Demo For NLP Workflow: Based on branch wangc/nlp

Set Paths and Loading Required Modules

  • Required libraries, please check SR2ML/dependencies.xml

[1]:
# External Modules #
import os
import sys
import pandas as pd
import spacy
import logging
import numerizer
#######################

# Settings #
cwd = os.getcwd()
frameworkDir = os.path.abspath(os.path.join(cwd, os.pardir, 'src'))
sys.path.append(frameworkDir)
########################

# Internal Modules #
from dackar.workflows.RuleBasedMatcher import RuleBasedMatcher
from dackar import config
from dackar.utils.nlp.nlp_utils import generatePatternList
from dackar.utils.opm.OPLparser import OPMobject
from dackar.text_processing.Preprocessing import Preprocessing
from dackar.text_processing.Preprocessing import SpellChecker
#########################

# logging.basicConfig(format='%(asctime)s %(name)-20s %(levelname)-8s %(message)s', datefmt='%d-%b-%y %H:%M:%S', level=logging.DEBUG)
logging.basicConfig(format='%(asctime)s %(name)-20s %(levelname)-8s %(message)s', datefmt='%d-%b-%y %H:%M:%S', level=logging.INFO)
nlp = spacy.load("en_core_web_lg", exclude=[])
Warming up PyWSD (takes ~10 secs)... took 2.4229929447174072 secs.

Initialize variables

[2]:
cleanDoc = True         # prepocessor the raw doc text, i.e., remove brackets, repeatings, punctuations.
numerizerDoc = True     # converts natural language numerics into ints and floats
spellCorrectDoc = False # spell check and perform corrections

entLabel = "pump_component"       # user defined entity label
entId = "SSC"                     # user defined entity ID
causalLabel = "causal_keywords"   # user defined causal keyword label
causalID = "causal"               # user defined causal keyword ID
ents = []                         # user provided entities list
causalList = []                   # user provided causal keyword list

removeBrackets = ['curly', 'square', 'round']
removeRepeatings = ['.']
# TODO: extend repeating_chars to handle a list of chars, right now we can only pass one chars
removePunctuation = ['/', "#", '~'] # right now puncuation is replaced with whitespace, we may need to replace it with None
# TODO: add replace functions, for example, replace acronyms with full name

preprocessorList = ['bullet_points',
                    'hyphenated_words',
                    'quotation_marks',
                    'unicode',
                    'repeating_chars',
                    'accents',
                    'brackets',
                    'html_tags',
                    'punctuation',
                    # 'currency_symbols',
                    'emails',
                    'emojis',
                    'hashtags',
                    # 'numbers',
                    'phone_numbers',
                    'urls',
                    'user_handles',
                    'whitespace',
                    'numerize']
preprocessorOptions = {'repeating_chars': {'chars': removeRepeatings[0], 'maxn': 1},
                       'unicode': {'form': 'NFKC'},
                       'accents': {'fast': False},
                       'brackets': {'only': removeBrackets},
                       'punctuation': {'only': removePunctuation}}

preprocess = Preprocessing(preprocessorList, preprocessorOptions)

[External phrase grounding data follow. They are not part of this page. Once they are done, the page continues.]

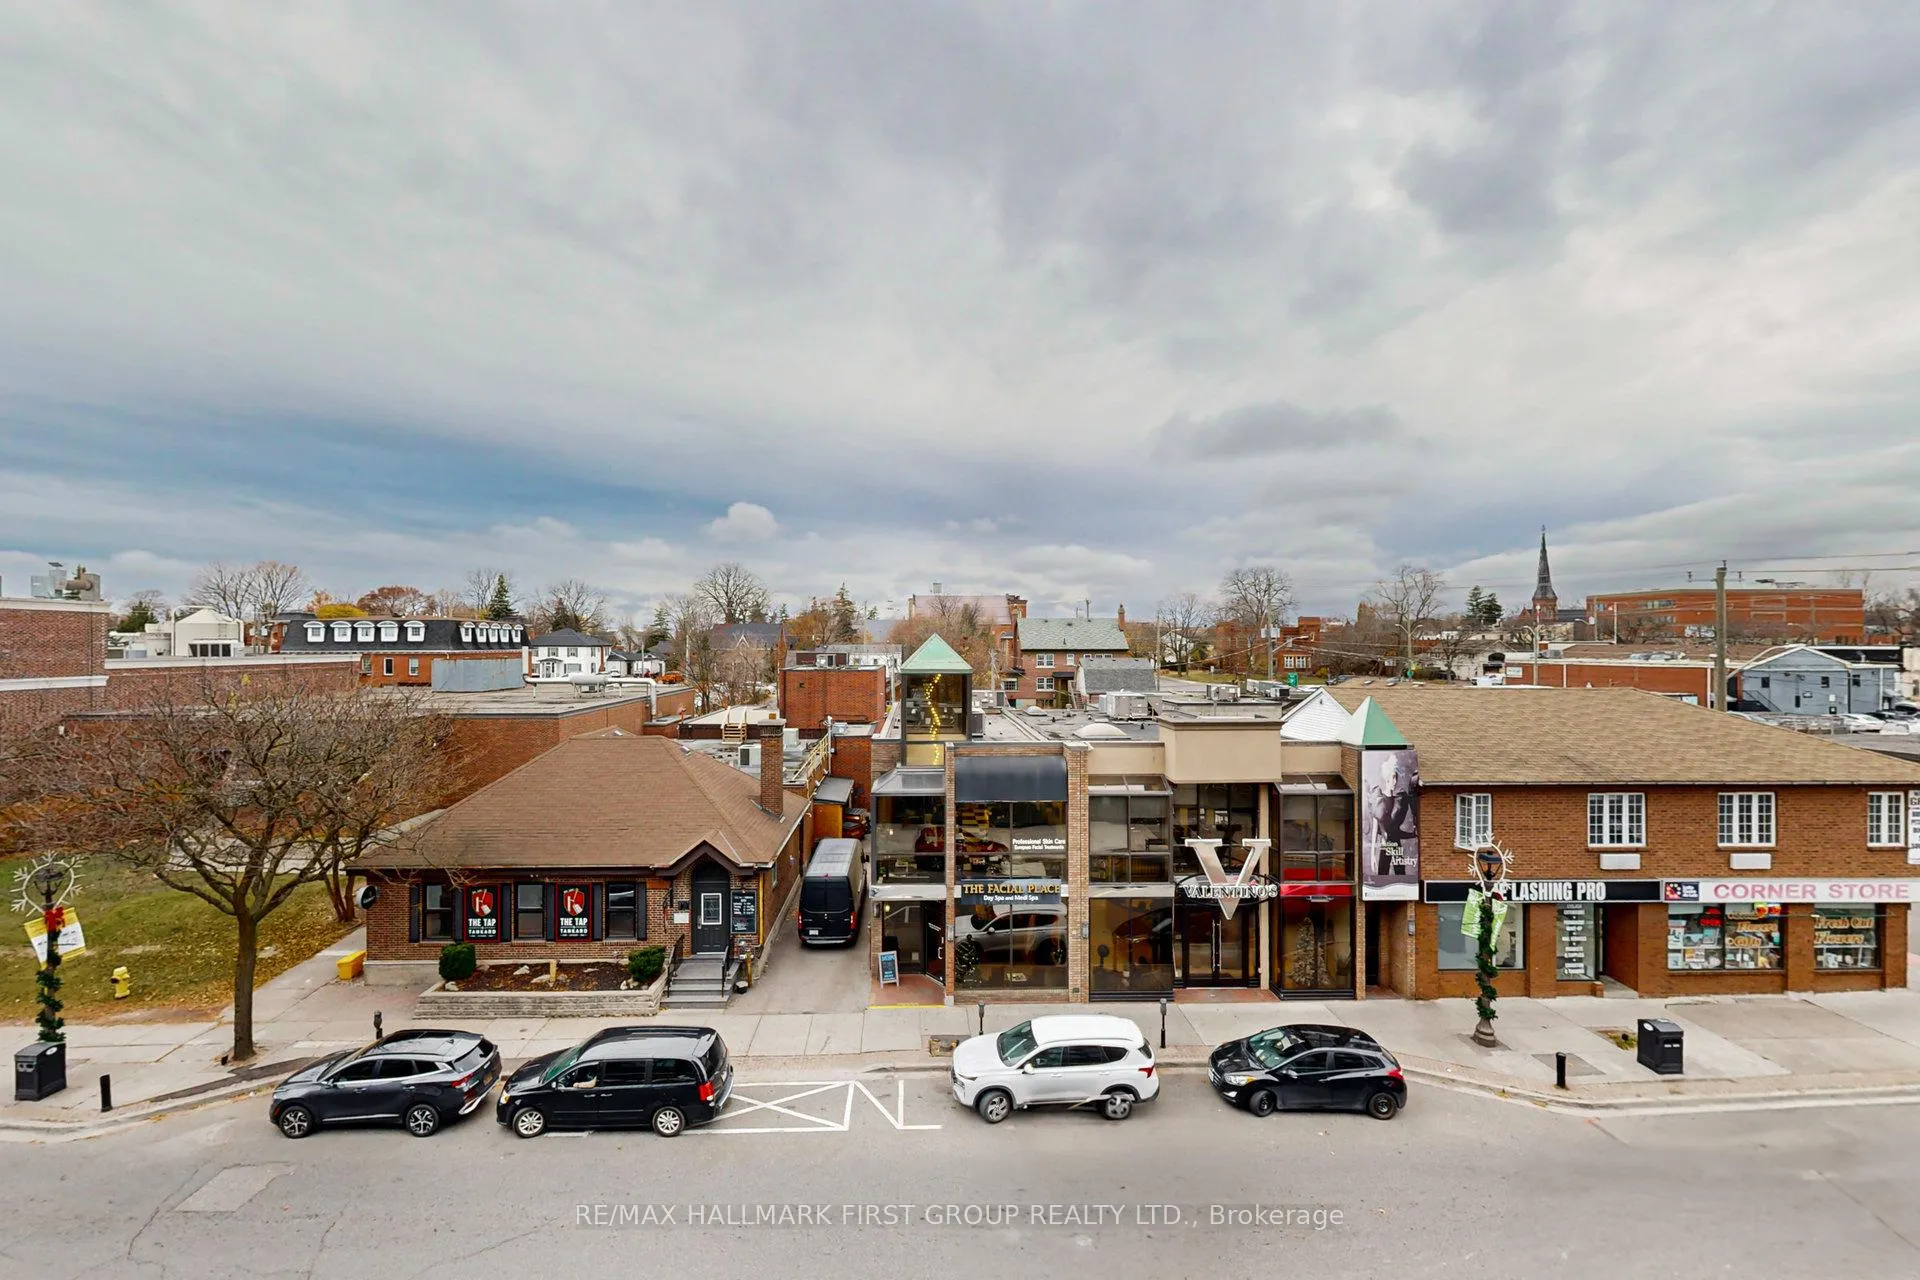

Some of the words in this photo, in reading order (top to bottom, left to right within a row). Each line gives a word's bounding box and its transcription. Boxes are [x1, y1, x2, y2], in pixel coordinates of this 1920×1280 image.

[1385, 846, 1404, 856] Skill
[1390, 855, 1418, 867] Artistry
[1185, 838, 1272, 920] V
[963, 883, 985, 894] THE
[987, 883, 1025, 894] FACIAL
[1028, 883, 1060, 894] PLACE
[1182, 884, 1279, 899] VALENTINO'S
[1511, 882, 1573, 901] LASHING
[1576, 882, 1607, 901] PRO
[1713, 883, 1817, 899] CORNER
[1828, 883, 1909, 899] STORE
[467, 918, 482, 927] THE
[483, 918, 497, 927] TAP
[559, 917, 574, 926] THE
[575, 917, 588, 926] TAP

Load entity list and causal list or provide directly

[3]:
entityFile = config.nlpConfig['files']['entity_file']
entityList = pd.read_csv(entityFile).values.ravel().tolist()
ents.extend(entityList)

causalFilename = config.nlpConfig['files']['cause_effect_keywords_file']
ds = pd.read_csv(causalFilename, skipinitialspace=True)
for col in ds.columns:
    causalList.extend(set(ds[col].dropna()))

Generate patterns that can be used in NER

[4]:
patternsEnts = generatePatternList(ents, label=entLabel, id=entId, nlp=nlp, attr="LEMMA")
patternsCausal = generatePatternList(causalList, label=causalLabel, id=causalID, nlp=nlp, attr="LEMMA")

Create rule-based matcher with entity list and causal entity list

[5]:
matcher = RuleBasedMatcher(nlp, entID=entId, causalKeywordID=causalID)

matcher.addEntityPattern('ssc_entity_ruler', patternsEnts)
matcher.addEntityPattern('causal_keywords_entity_ruler', patternsCausal)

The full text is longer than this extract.